The new blog post focuses on a paper analyzing Y-DNA R1b-DF27 which is the most common in Iberia (especially Basque territory and Catalonia), and spills over into France as illustrated in the geographic distributions below:


DF27 is found at a frequency ranging from 30% to 50% in the Iberian Peninsula except in the Basque Country where Frequency reached 74%. In France, the frequency varies from 6% to 20% with an average of 11%. Elsewhere the frequency is 15% in Great Britain but almost nil in Ireland and 8% in Tuscany.
The subclade just downstream of DF27 is Z195. The frequency of the latter varies from 29% to 41% with two main peaks in the Basque Country and in Eastern Spain. Then Z195 divides into two main branches: L176 and Z220. L176 has a peak frequency in Eastern Spain while Z220 has a peak frequency in the Basque Country.
The inferred ages of these clades coincides well with an arrival fairly early in the Bell Beaker era, followed by local differentiation.

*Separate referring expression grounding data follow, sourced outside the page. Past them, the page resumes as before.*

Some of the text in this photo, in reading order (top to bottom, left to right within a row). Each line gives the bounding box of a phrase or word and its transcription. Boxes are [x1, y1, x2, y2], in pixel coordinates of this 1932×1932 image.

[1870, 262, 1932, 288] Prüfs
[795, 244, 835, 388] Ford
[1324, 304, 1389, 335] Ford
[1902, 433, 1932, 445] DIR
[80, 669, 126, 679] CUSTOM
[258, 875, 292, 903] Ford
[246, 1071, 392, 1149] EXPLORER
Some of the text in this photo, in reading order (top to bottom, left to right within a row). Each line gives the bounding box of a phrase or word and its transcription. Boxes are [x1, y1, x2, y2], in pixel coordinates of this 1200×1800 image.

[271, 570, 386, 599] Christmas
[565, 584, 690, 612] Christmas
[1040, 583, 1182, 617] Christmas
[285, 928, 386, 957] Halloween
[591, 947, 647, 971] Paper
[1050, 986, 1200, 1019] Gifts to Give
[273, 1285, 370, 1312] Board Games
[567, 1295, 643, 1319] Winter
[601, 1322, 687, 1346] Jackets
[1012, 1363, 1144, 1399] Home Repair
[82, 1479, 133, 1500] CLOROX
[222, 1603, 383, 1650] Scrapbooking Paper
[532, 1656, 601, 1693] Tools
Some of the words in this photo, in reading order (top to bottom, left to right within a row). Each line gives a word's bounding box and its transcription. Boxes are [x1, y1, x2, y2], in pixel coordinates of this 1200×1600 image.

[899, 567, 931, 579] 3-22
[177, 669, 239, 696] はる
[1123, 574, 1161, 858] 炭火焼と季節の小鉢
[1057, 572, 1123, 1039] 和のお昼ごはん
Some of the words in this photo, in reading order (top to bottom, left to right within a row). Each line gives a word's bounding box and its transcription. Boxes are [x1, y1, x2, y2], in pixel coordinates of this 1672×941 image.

Within each population, DF27 is older in Aragon (4530 years) than in the Basque Country (3930 years). Z195 is older in Catalonia (4580 years) In the Basque Country (3260 years). Conversely, Z220 is older in Central North Spain (3720 years). Thus, the greater diversity in eastern Spain and the older age in this same region, point towards an origin of the haplogroup R1b-DF27 in eastern Spain.
Models of Bayesian analysis show that DF27 extended in the Iberian Peninsula mainly between 3500 and 3000 years, i.e. in the Middle Bronze Age. These results are to be compared with those of ancient DNA in Portugal which show the dominance of haplogroup R1b in the Middle Bronze Age. This points to an origin of the haplogroup R1b-DF27 in eastern Spain. 
Analysis

Our access to ancient DNA is limited, but the ancient Iberian Bell Beaker DNA that we do have shows quite modest levels of autosomal steppe ancestry, but basically total replacement of Y-DNA R1b, which would be consistent with a male dominated migration event that was diluted in autosomal impact by multiple generations of marriages to non-steppe women with early European farmer and Western hunter-gather ancestry.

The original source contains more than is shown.